## Exercise aim
Without the pictures, copy all of the data exactly.

## Source data

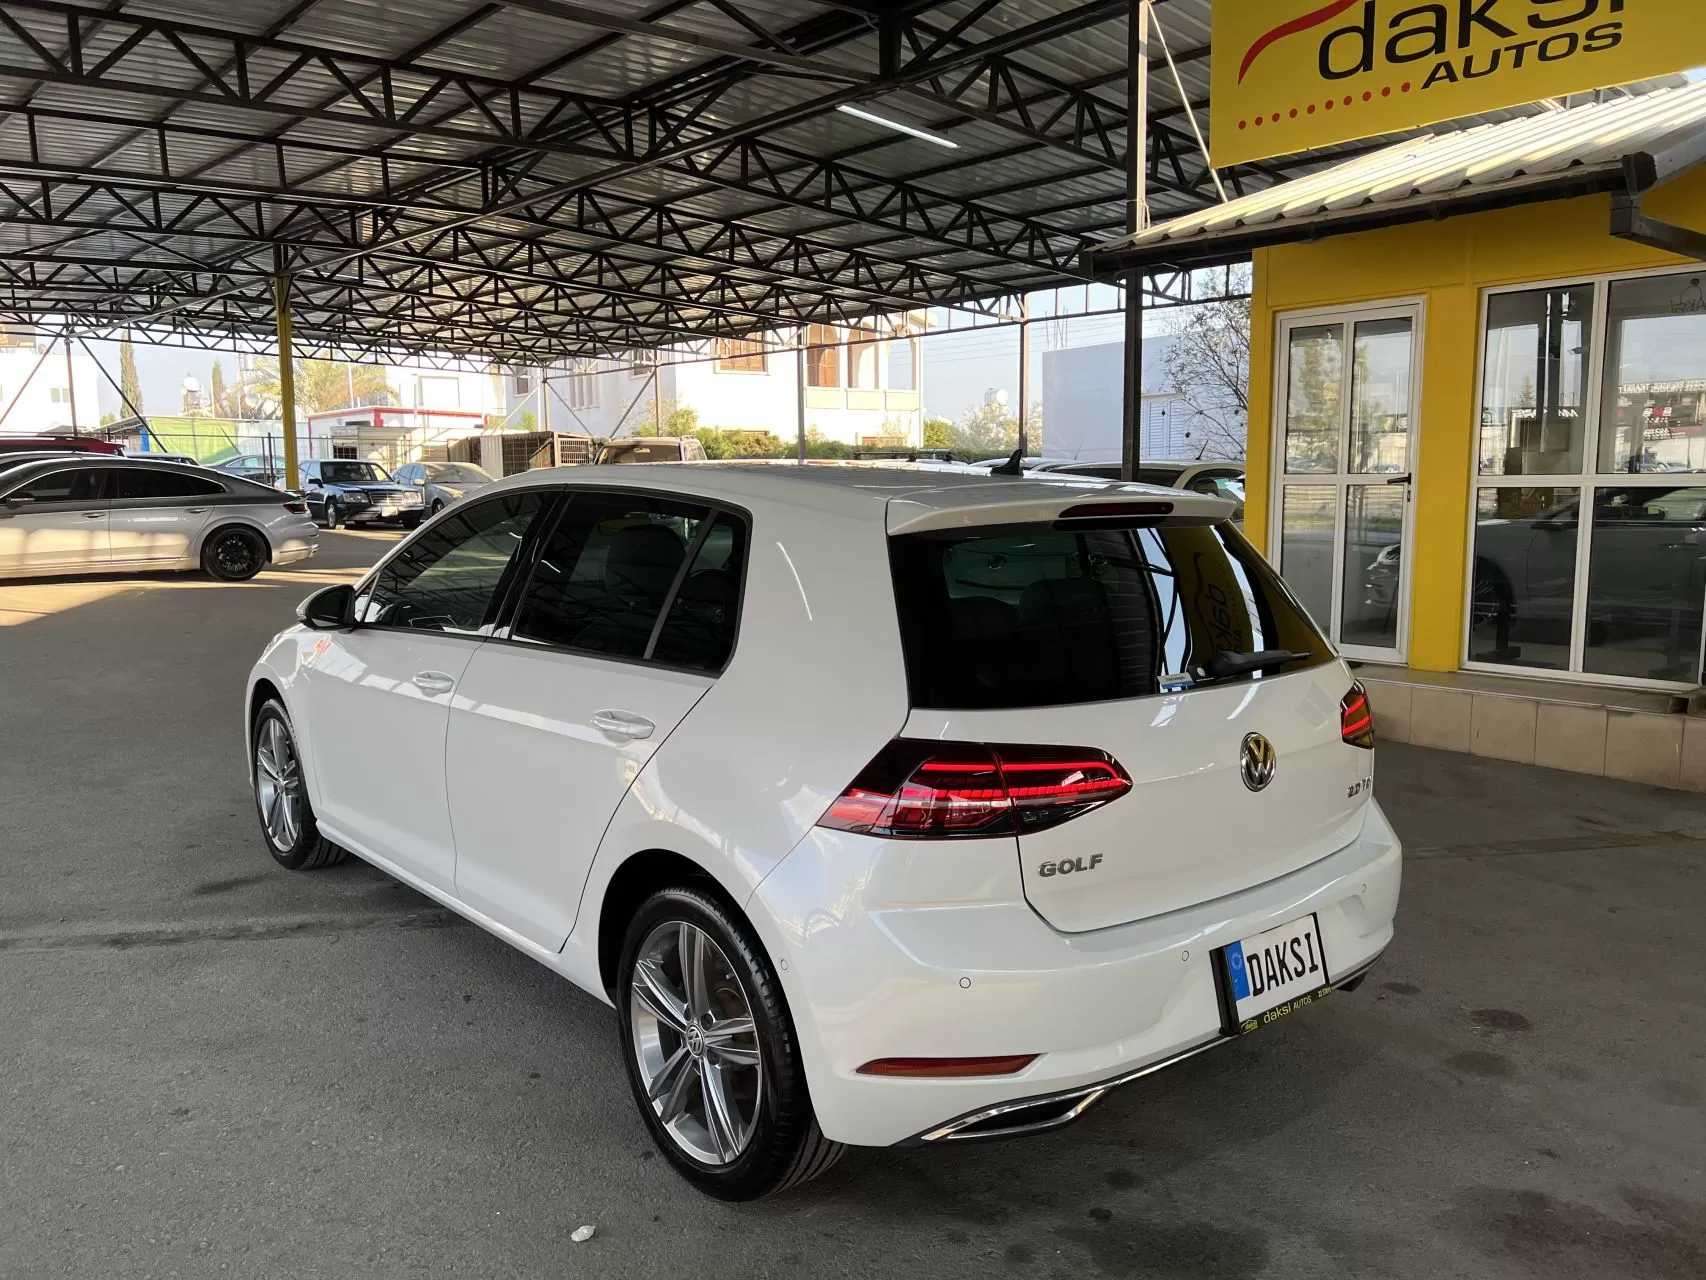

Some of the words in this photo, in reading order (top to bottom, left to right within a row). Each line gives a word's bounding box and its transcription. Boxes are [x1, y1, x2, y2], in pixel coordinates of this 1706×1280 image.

[1420, 21, 1624, 90] AUTOS
[1038, 853, 1103, 878] GOLF
[1246, 932, 1319, 997] DAKSI
[1263, 1002, 1292, 1024] daksi
[1293, 995, 1312, 1010] AUTOS

## Answer below
Some of the words in this photo, in reading order (top to bottom, left to right within a row). Each line gives a word's bounding box and its transcription. Boxes are [x1, y1, x2, y2], in pixel coordinates of this 1706×1280 image.

[1420, 21, 1624, 90] AUTOS
[1038, 853, 1103, 878] GOLF
[1246, 932, 1319, 997] DAKSI
[1263, 1002, 1292, 1024] daksi
[1293, 995, 1312, 1010] AUTOS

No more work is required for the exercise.